BRIEF> What is needed is an exact transcription of every entry below, with the pictures left out.

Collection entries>
┄┄┄┄┄┄┄┄┄┄┄┄┄┄┄┄┄┄┄┄
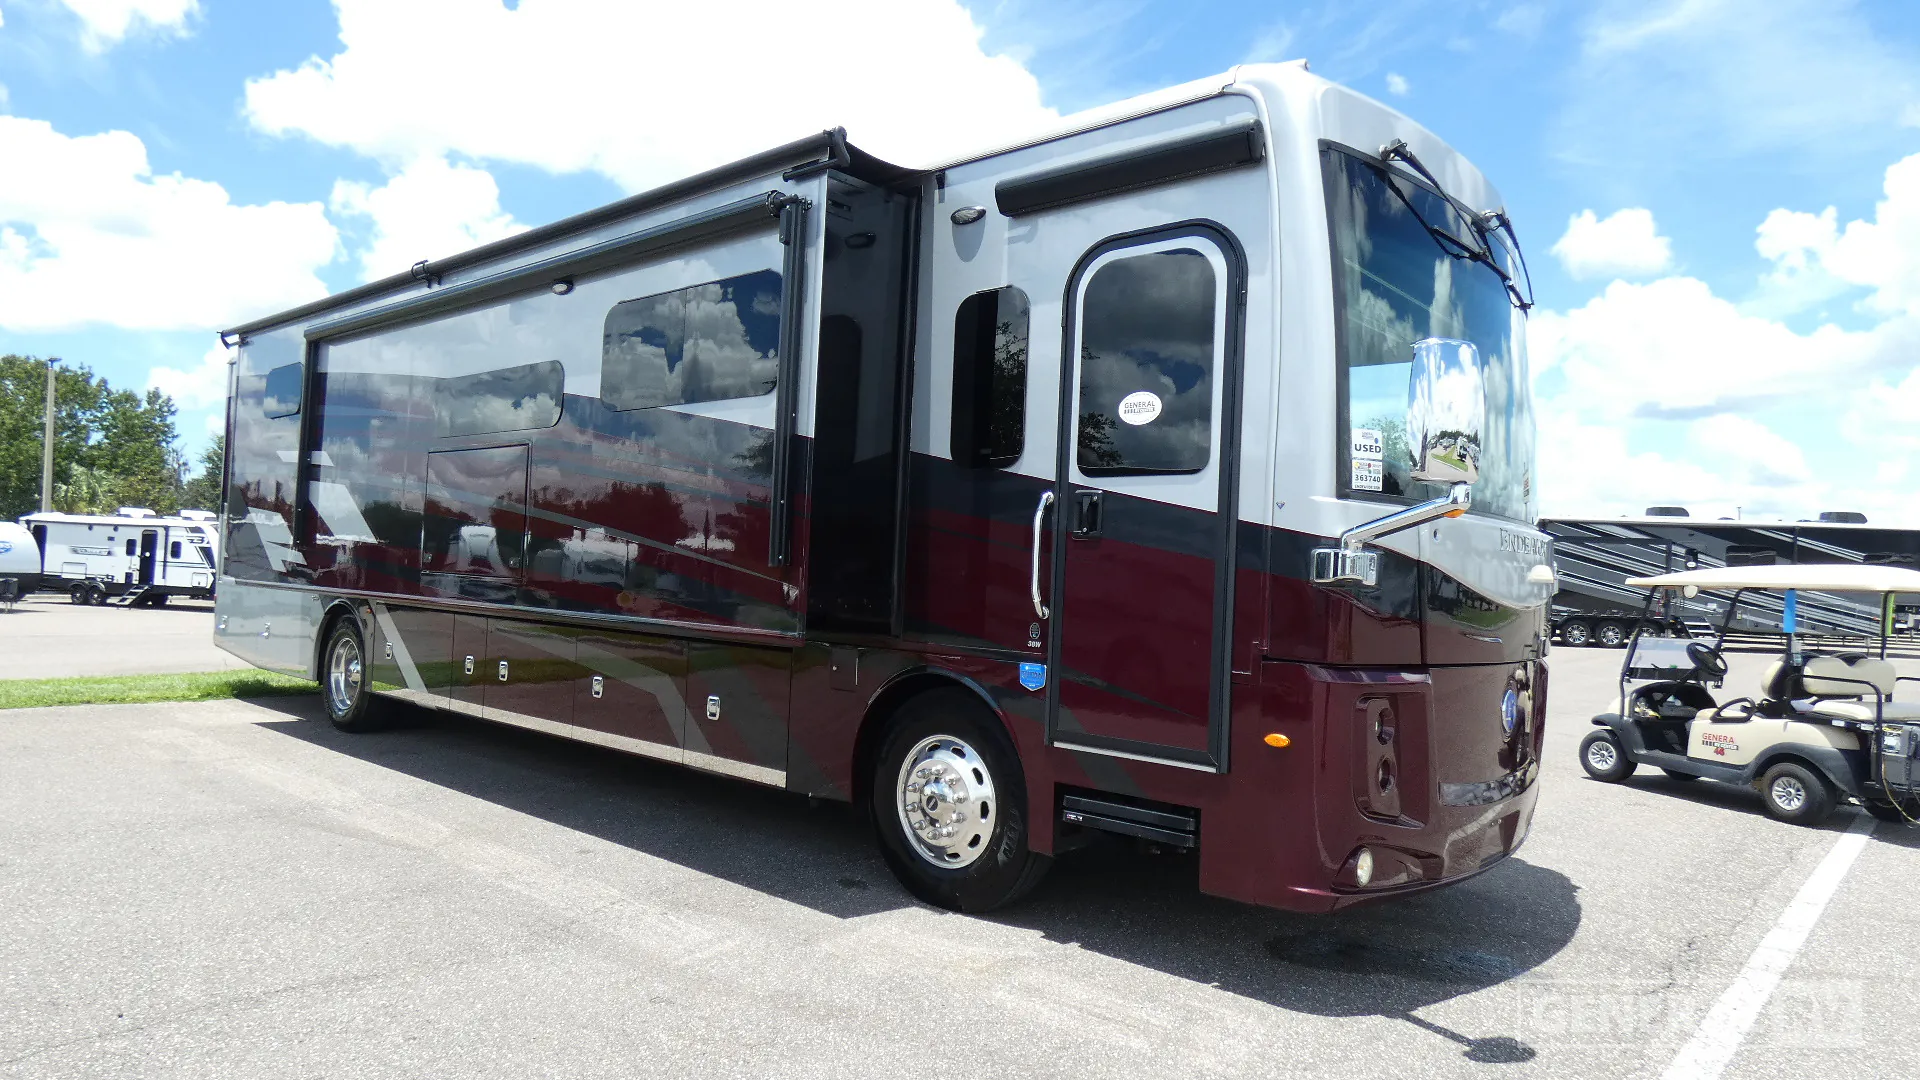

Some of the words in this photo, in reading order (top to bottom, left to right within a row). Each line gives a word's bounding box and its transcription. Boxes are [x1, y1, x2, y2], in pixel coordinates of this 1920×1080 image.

[1124, 401, 1156, 409] GENERAL
[1354, 443, 1382, 453] USED
[1354, 474, 1381, 483] 363740
[1702, 732, 1735, 744] GENERA
┄┄┄┄┄┄┄┄┄┄┄┄┄┄┄┄┄┄┄┄
SOLUTION TO THE PROBLEM>
Some of the words in this photo, in reading order (top to bottom, left to right within a row). Each line gives a word's bounding box and its transcription. Boxes are [x1, y1, x2, y2], in pixel coordinates of this 1920×1080 image.

[1124, 401, 1156, 409] GENERAL
[1354, 443, 1382, 453] USED
[1354, 474, 1381, 483] 363740
[1702, 732, 1735, 744] GENERA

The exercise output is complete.